Chemikalienproduzenten und -händler freut das, denn wohl kein Peptidsynthese-Labor wird diese komplizierten, mit mehreren Schutzgruppen versehenen Aminosäurebausteine selber herstellen wollen.
vier Asparaginsäuren im Hepatitis-B-Antigen
Das von den Heidelbergern benutzte Modellpeptid Hepatitis-B-Oberflächenantigen, PreS9-33-y, ein Peptid aus 26 Aminosäuren, hat allein vier Asparaginsäuren im Molekül.
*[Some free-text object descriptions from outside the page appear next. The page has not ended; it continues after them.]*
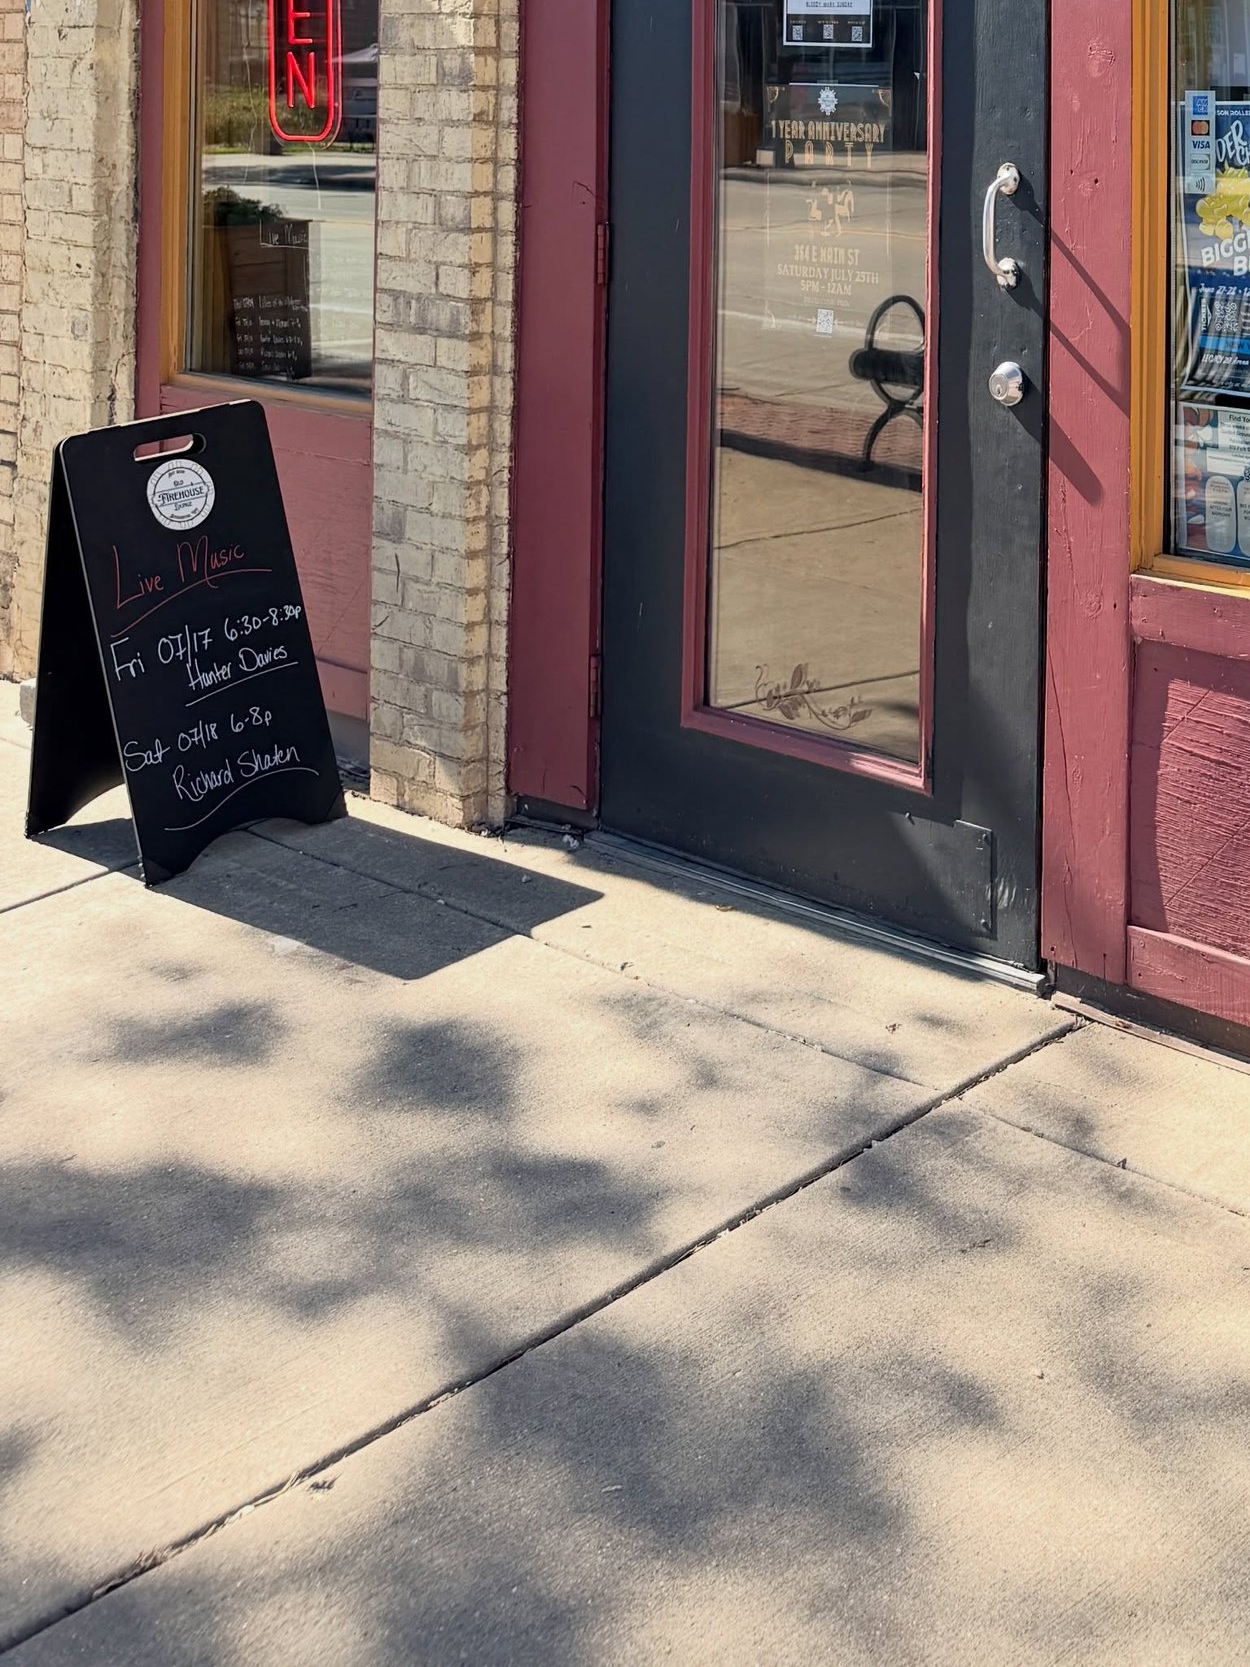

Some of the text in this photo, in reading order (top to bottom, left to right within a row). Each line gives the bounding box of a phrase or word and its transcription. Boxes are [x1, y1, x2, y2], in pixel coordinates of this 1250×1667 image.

[771, 120, 885, 143] 1 YEAR ANNIVERSARY
[785, 139, 874, 169] PARTY
[1192, 140, 1210, 149] VISA
[848, 248, 860, 266] ST
[777, 264, 879, 284] SATURDAY JULY 25TH
[800, 280, 851, 295] 5PM 12AM
[1215, 286, 1236, 296] 27-28
[1225, 341, 1245, 349] NEW
[113, 535, 244, 609] Live Music
[110, 604, 301, 681] Fri 07/17 6:30-8:30p
[187, 646, 287, 690] Hunter Davies
[124, 707, 272, 771] Sat 07/18 6-8p
[172, 759, 234, 801] Richard
Das bedeutet, dass die Dipeptide Asp-D-Tyrosin, Asp-Tryptophan, Asp-Histamin und Asp-Prolin mit den oben aufgeführten Schutzgruppen versehen kommerziell bezogen werden müssten, um dieses Molekül ohne störende Nebenreaktionen aufbauen zu können.
Tillmann Michels, Rudolf Dölling, Uwe Haberkorn und Walter Mier am Heidelberger Universitätsklinikum haben für die Synthese dieses Peptids zwei andere, herkömmliche Ansätze gewählt und mit ihrer neuen Variante der SPPS verglichen:
- (1) die Standardmethode mit Fmoc als Schutzgruppe der Aminofunktion (Fmoc-SPPS); Baustein: Fmoc-Asp.
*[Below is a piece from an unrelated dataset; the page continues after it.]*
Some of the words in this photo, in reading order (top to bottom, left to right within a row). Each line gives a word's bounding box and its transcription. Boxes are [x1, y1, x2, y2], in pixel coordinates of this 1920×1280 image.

- (2) Die Standard-Fmoc-SPPS mit zusätzlicher Schutzgruppe an der Asp-Carboxylgruppe; Baustein: Fmoc-Asp(OMpe)-OH.
- (3) Die Standard-Fmoc-SPPS mit 5%iger Ameisensäure in der Piperidin-Lösung.
Das Ergebnis war überzeugend: Während in (1) 81 Prozent Aspartimide entstanden - und in (2) immerhin noch 50 Prozent, reduzierte die Säure in (3) den Aspartimid-Anteil auf 13 Prozent.
Mehrere Säuren verhindern Aspartimid
Neben Ameisensäure erwiesen sich auch HOBt (Hydroxybenzotriazol) und Nitrophenol als genauso wirksam. Ebenso HFIP (Hexafluoroisopropanol), das allerdings nur in höheren Konzentrationen gute Wirkung zeigt.
Ungeeignet dagegen sind anorganische Säuren, weil sie mit Piperidin schwerlösliche Salze bilden. Auch Zitronensäure und Oxalsäure kommen nicht infrage, weil sie Präzipitate mit den Peptiden entwickeln.
Fazit: Diese einfach zu realisierende, durch Säure modifizierte Standard-Fmoc-SPPS könnte den umständlichen und teuren aktuellen Goldstandard mit backbone-geschützten Asp-Dipeptiden künftig ablösen.
Die Entstehung von Aspartimiden, die bei der Synthese von Asparaginsäure enthaltenden Peptiden oft das Hauptprodukt sind, können erheblich eingeschränkt werden, wenn der zur Abspaltung der Schutzgruppen zugeführten Piperidin-Lösung eine 5 %ige Säure zugesetzt wird.